外国語

出典: フリー百科事典『ウィキペディア(Wikipedia)』
移動: 案内検索

外国語(がいこくご、foreign language[1])とは、外国で使われている言語のことである[2]

概説[編集]

外国語とは外国で使われている言語のことである。

例えば、イギリス人にとってはイタリア語スペイン語ポルトガル語フランス語ドイツ語スウェーデン語ロシア語アラビア語中国語朝鮮語日本語… 等々は外国語である。また、フランス人にとっては、英語、ドイツ語、スペイン語、イタリア語、ロシア語、アラビア語、中国語、朝鮮語、日本語 等々は外国語である。

日本人にとっては、基本的に日本語以外は全て外国語である。つまり日本人にとっては朝鮮語、中国語、ベトナム語、ロシア語、アラビア語ギリシア語、ハンガリー語、ブルガリア語、イタリア語、スペイン語、フランス語、英語、ドイツ語、オランダ語、ポーランド語、スウェーデン語、フィンランド語 等々等々はどれも外国語である。
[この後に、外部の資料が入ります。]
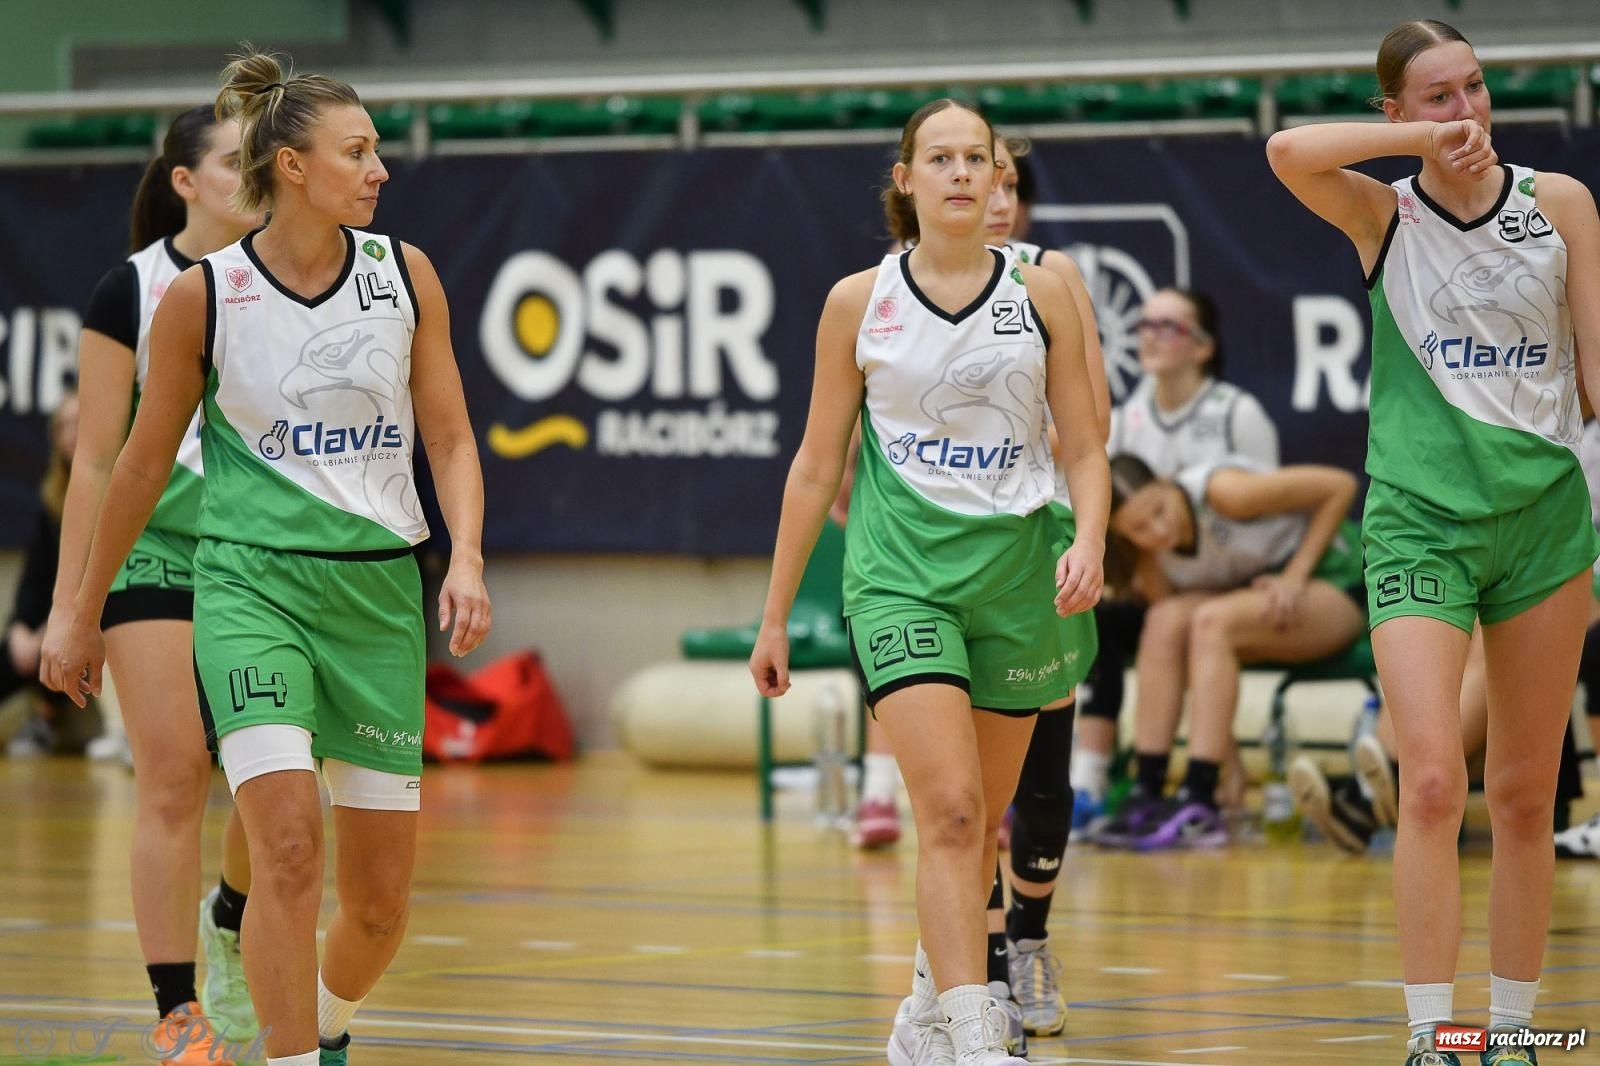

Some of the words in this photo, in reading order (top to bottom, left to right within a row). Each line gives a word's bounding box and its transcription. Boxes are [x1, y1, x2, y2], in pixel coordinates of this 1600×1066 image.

[1498, 207, 1553, 242] 30
[355, 272, 398, 311] 14
[1440, 336, 1549, 369] Clavis
[292, 415, 402, 456] Clavis
[597, 401, 780, 457] RACIBÓRZ
[916, 437, 1025, 469] Clavis
[1377, 569, 1446, 609] 30
[869, 620, 943, 672] 26
[229, 666, 287, 712] 14
ただし、日本人といっても日系人にとっては事情は異なり、日系ブラジル人にとってはブラジル語(ブラジル流のポルトガル語)は外国語ではない。特に日系ブラジル人2世、3世~にとっては、ブラジル語は自国語である。日系ペルー人 2世、3世~にとっても、スペイン語は自国語である。
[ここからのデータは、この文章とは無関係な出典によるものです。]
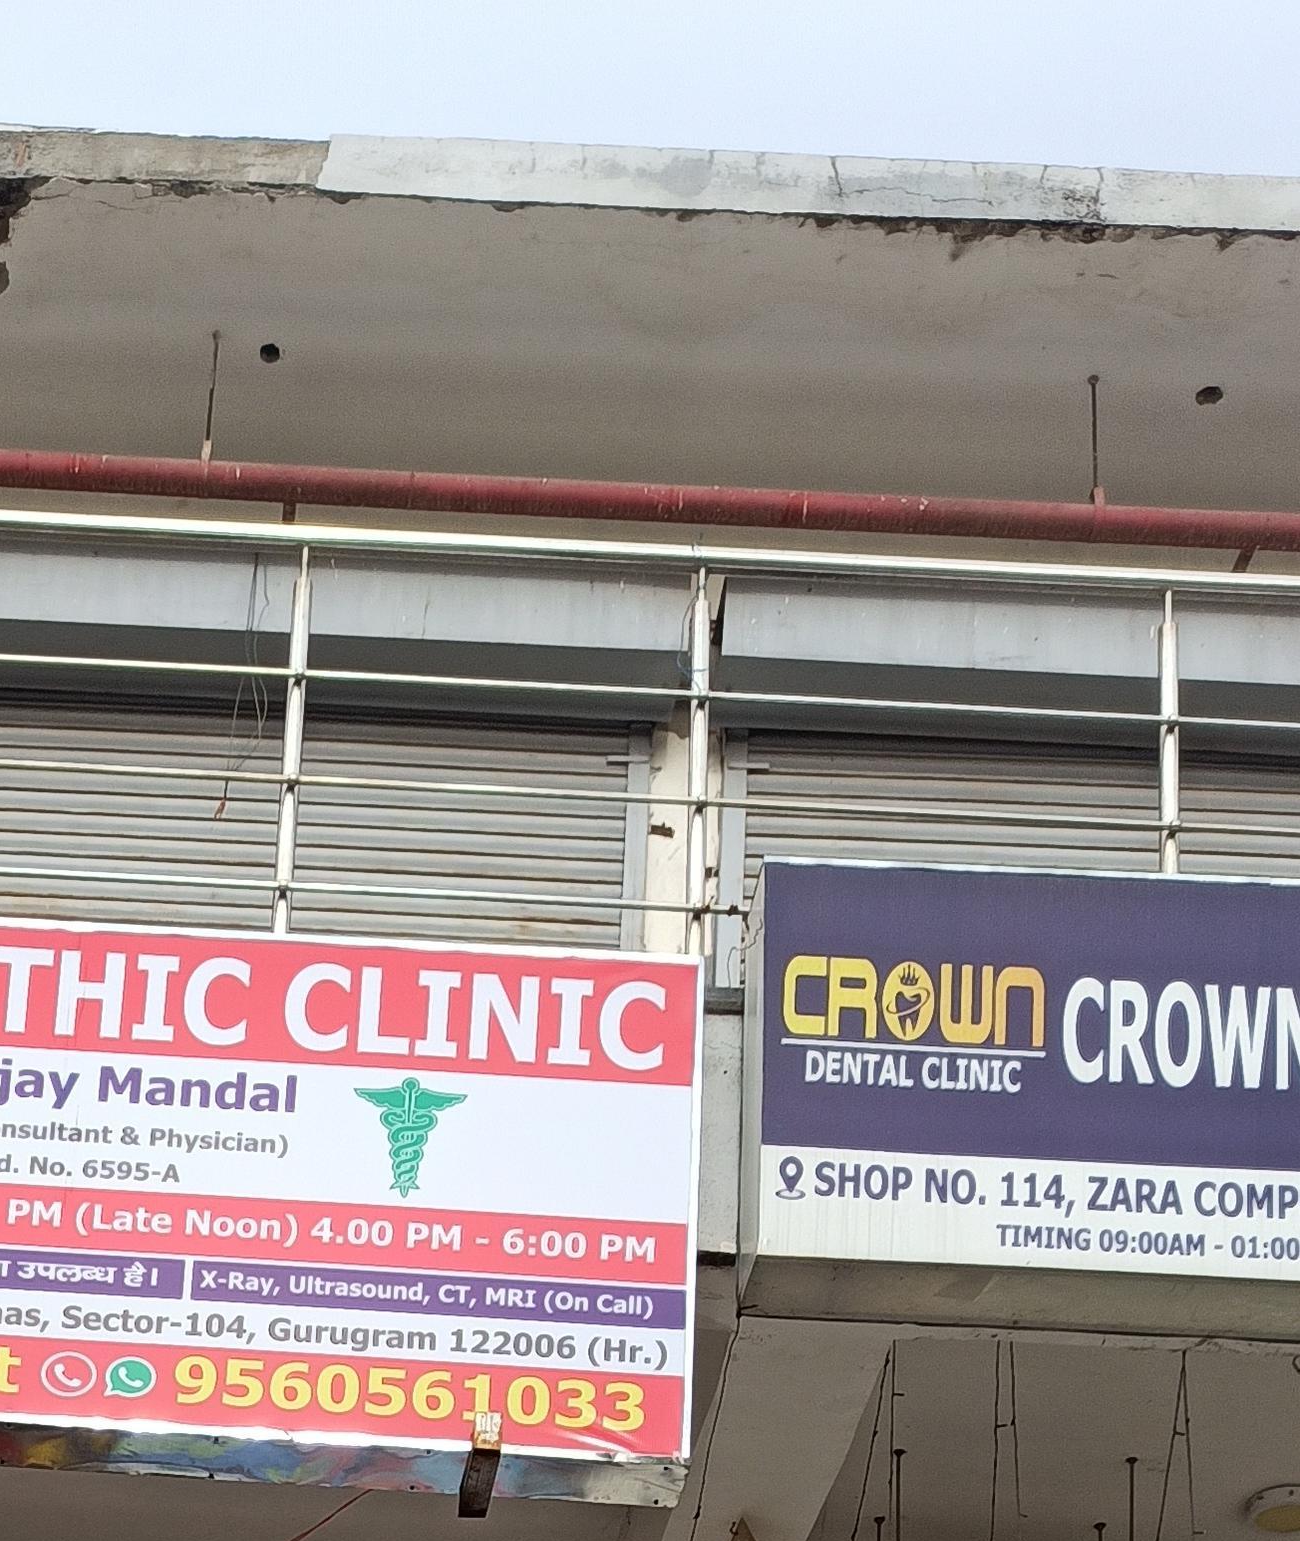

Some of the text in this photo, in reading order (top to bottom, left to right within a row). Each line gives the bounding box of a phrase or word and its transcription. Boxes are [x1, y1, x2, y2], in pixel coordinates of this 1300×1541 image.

[283, 962, 668, 1072] CLINIC
[99, 1065, 299, 1113] Mandal
[804, 1049, 1023, 1093] DENTAL CLINIC
[148, 1126, 290, 1160] Physician)
[28, 1154, 73, 1178] No.
[81, 1158, 182, 1185] 6595-A
[814, 1161, 1184, 1218] SHOP NO. 114, ZARA
[5, 1199, 63, 1230] PM
[74, 1197, 174, 1238] (Late
[184, 1206, 300, 1249] Noon)
[309, 1214, 395, 1248] 4.00
[404, 1219, 463, 1253] PM
[500, 1227, 588, 1258] 6:00
[598, 1232, 657, 1264] PM
[995, 1223, 1206, 1258] TIMING 09:00AM
[16, 1256, 117, 1289] उपलब्ध
[198, 1267, 655, 1319] X-Ray, Ultrasound, CT, MRI (On Call)
[60, 1304, 257, 1345] Sector-104,
[267, 1316, 438, 1355] Gurugram
[449, 1327, 578, 1362] 122006
[586, 1335, 670, 1371] (Hr.)
[173, 1354, 647, 1433] 9560561033
なお、「外国語」と言っても、どの程度理解しづらいか、ということは、自国語とその外国語との言語学的な姻戚関係の深さにもよる。たとえばスペイン人にとっては、ドイツ語、英語、イタリア語、フランス語等はたしかに定義としては「外国語」なのだが、このうちイタリア語(やフランス語)関しては、「外国語」ではあっても、特に学習しなくても、声を聞いていると文章の意味のおおよそは分かる、と言われる(つまり、文章のおおまかな意味の「聞き取り」はできる)。というのはイタリア語、スペイン語、フランス語はともにローマ帝国の言葉であるラテン語が、同帝国が支配した広大な地域の中で分化したもの(一種の方言)がルーツであり、今も伊・西・仏語には共通の痕跡やそっくりの形の語彙が非常に多数残っているためである。ただし、話すことに関してはある程度学習しないとやはりできない。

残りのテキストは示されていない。